Table 18-1 amino acid password (code)
intermediate base (second base)
, located at the starting site of mRNA AUG is the starting signal of the amino acid synthesis peptide chain. The celebrics represent methionine, represented by mammals, and the primary nuclei, represented bymicroorganisms represent methyl methionine.
genetic code has the following characteristics:
(1) start code and termination code (starting code and termination code):
password sub-AUG is the starting password, representing synthetic peptides The location of the first amino acids of the chain, they are located at the end of mRNA5', and it is also a cryptoneth of methionine, so the primary and ebony organismspolypeptides chain synthesis of the first amino acids are methionine, of course, a few bacteria also use GUG as the starting code. The nucleus CUG is also occasionally used as the code for the starting methionine. The cryptics UAA, UAG, UGA are termination codes made up of peptide chains and do not represent any amino acids that exist individually or jointly at the end of mRNA3'. Therefore, the translation is carried out in the direction of the → 5' and 3' of the mRNA molecule.
(2) password without punctuation: there are no nucleotides between the two codes every other day, so starting from the starting code AUG, the three base generations have an amino acid, which constitutes a continuous reading box until the termination code.
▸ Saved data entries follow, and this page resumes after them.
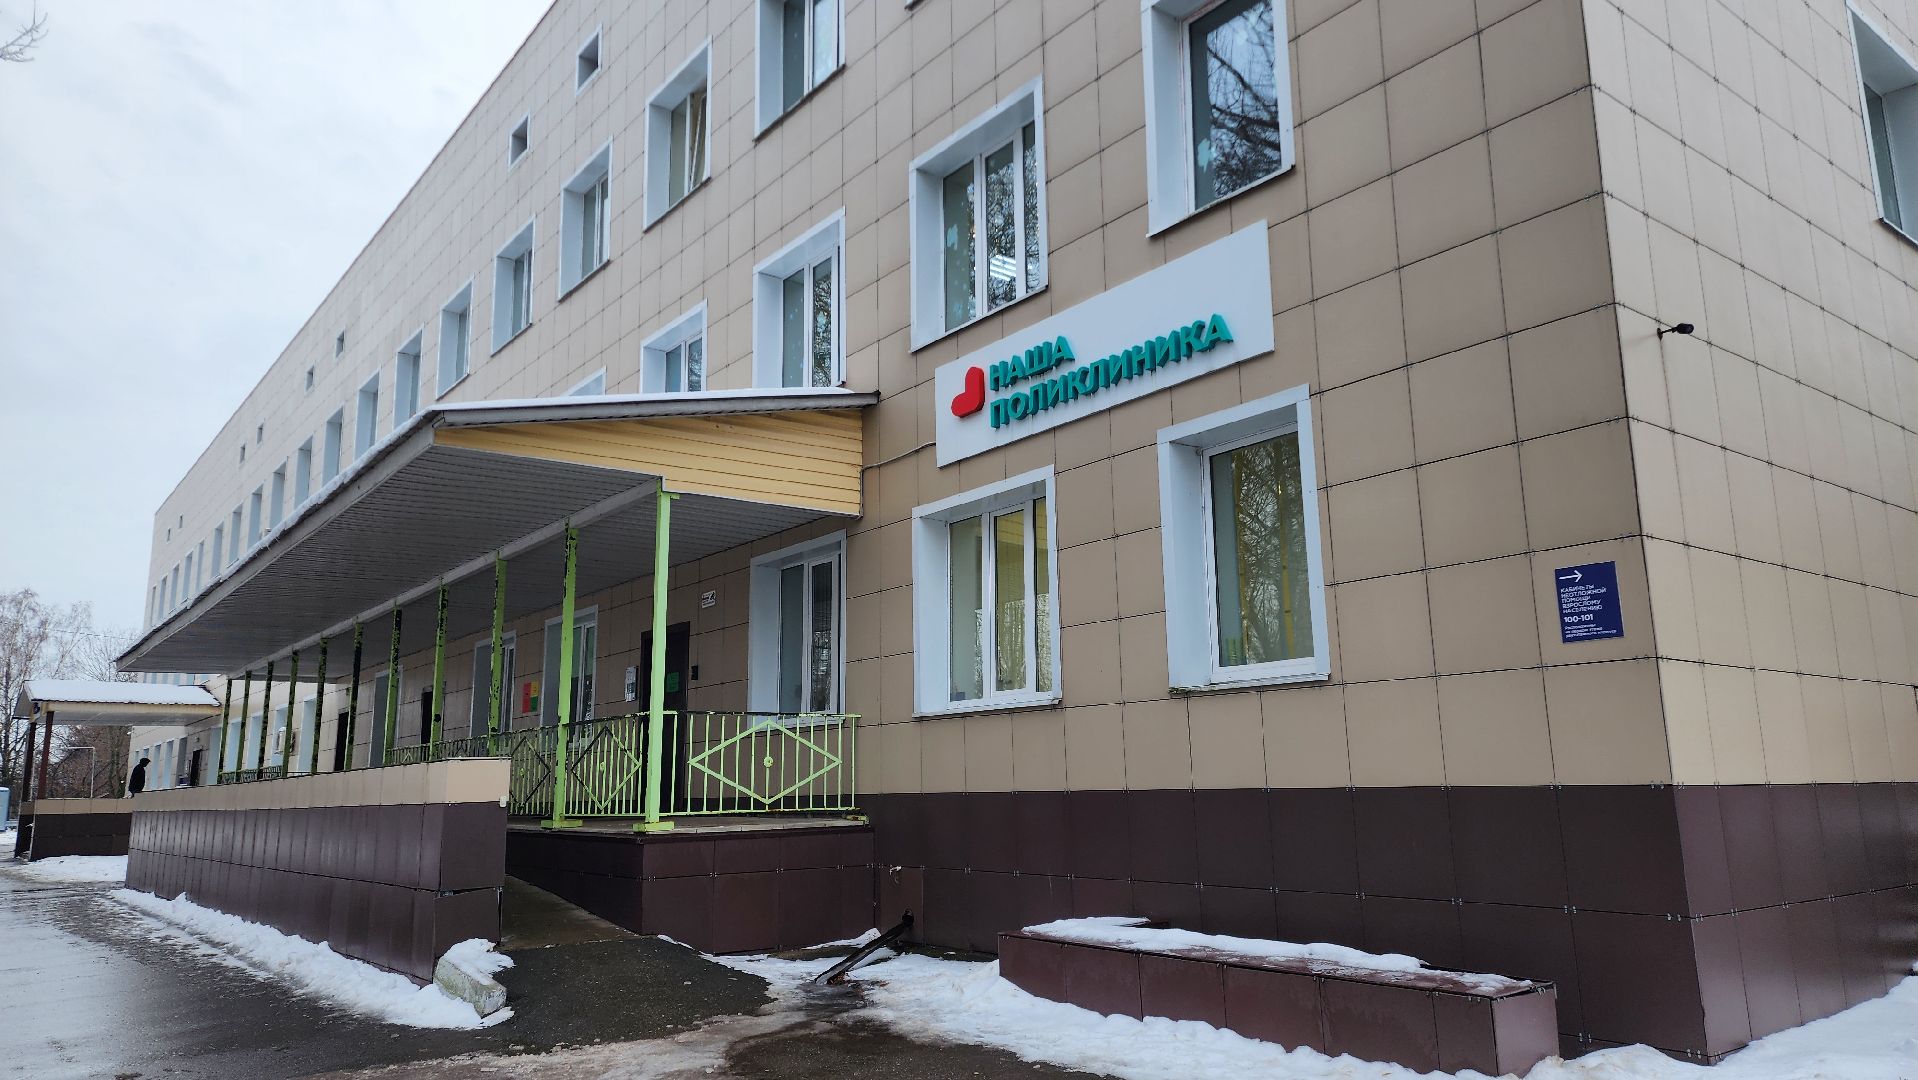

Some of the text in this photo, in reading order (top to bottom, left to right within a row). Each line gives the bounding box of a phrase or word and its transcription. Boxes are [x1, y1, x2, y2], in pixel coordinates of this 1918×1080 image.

[989, 335, 1075, 391] НАША
[990, 313, 1234, 428] ПОЛИКЛИНИКА
[1561, 584, 1595, 593] КАБИНЕТЫ
[1561, 587, 1607, 598] НЕОТЛОЖНОЙ
[1562, 599, 1601, 609] ВЗРОСЛОМУ
[1563, 605, 1603, 613] НАСЕЛЕНИЮ
[1564, 614, 1594, 622] 100-101
If a base is inserted or missing in the middle of the reading box, it will cause a change in the code, resulting in an error in the arrangement of aminos downstream of the mutation point.
(3) password degemeracy:
An amino acid has several sets of codes, or groups of cryptics represent a phenomenon called an amino acid phenomenon called The simplicity of the cocoon, this simplicity is mainly due to the third base of the cocoon swing phenomenon formed, that is to say, the specificity of the cocoon is mainly determined by the first two bases, even if the third base mutation can translate the correct amino acids, which is to ensure the stability of species has a certain significance. For example: GCU, GCC, GCA, GCG all represent alanine.
(4) password versatility:
A large number of facts show that the world of life from low to high, using a set of passwords, that is, genetic codes remain unchanged over a long period of evolution. So this cryptric table is biologically common. However, unexpectedly, the true nuclear mitochondrial code has many different from the universal password, for example, in human mitochondrials, UGA is not a termination code, but tryptophan code, AGA, AGG is not a coder of arginine, but a termination cryptone, plus the universal password UAA and UAG, mitochondrials in a total of four sets of termination code. There are two internal methionine codes, AUG and AUA, and there are four groups of starting methionine codes, or AON.
< p class " "tt1" > between the structure of the p-code substructur and the amino acid side chain analysis. (1) The polarity of the amino acid side chain is determined in most cases by the second base of the section. When the second base is niacin (Y), the amino acid side chain is non-polar, the second base is radon, and the amino acid side chain is polar. (2) When the first base is U or A, the second base is C, and the third base is not specific, the determined amino acid side chain is polar without electricity. (3) When the first base is not U and the second base is P, the amino acid side chain is charged. Under this premise, if a C or A, indicating positively charged amino acids, the first and second bases are G, A, this amino acid is negatively charged, but there are individual exceptions to the above relationship.The fact that an amino acid is encoded by multiple cophers makes one think: Is a group of cocoons of the same amino acid used the same frequency? Many experiments have confirmed that the same group of cophers is used differently in primary and higher-level nuclear organisms. High-frequency cryptors are found in proteins with high expressionsgenes such as the ucose protein gene, the RecA protein gene, and so on. Table 18-2. This frequency of use is associated with different tRNA content in a group of tRNAs in cells.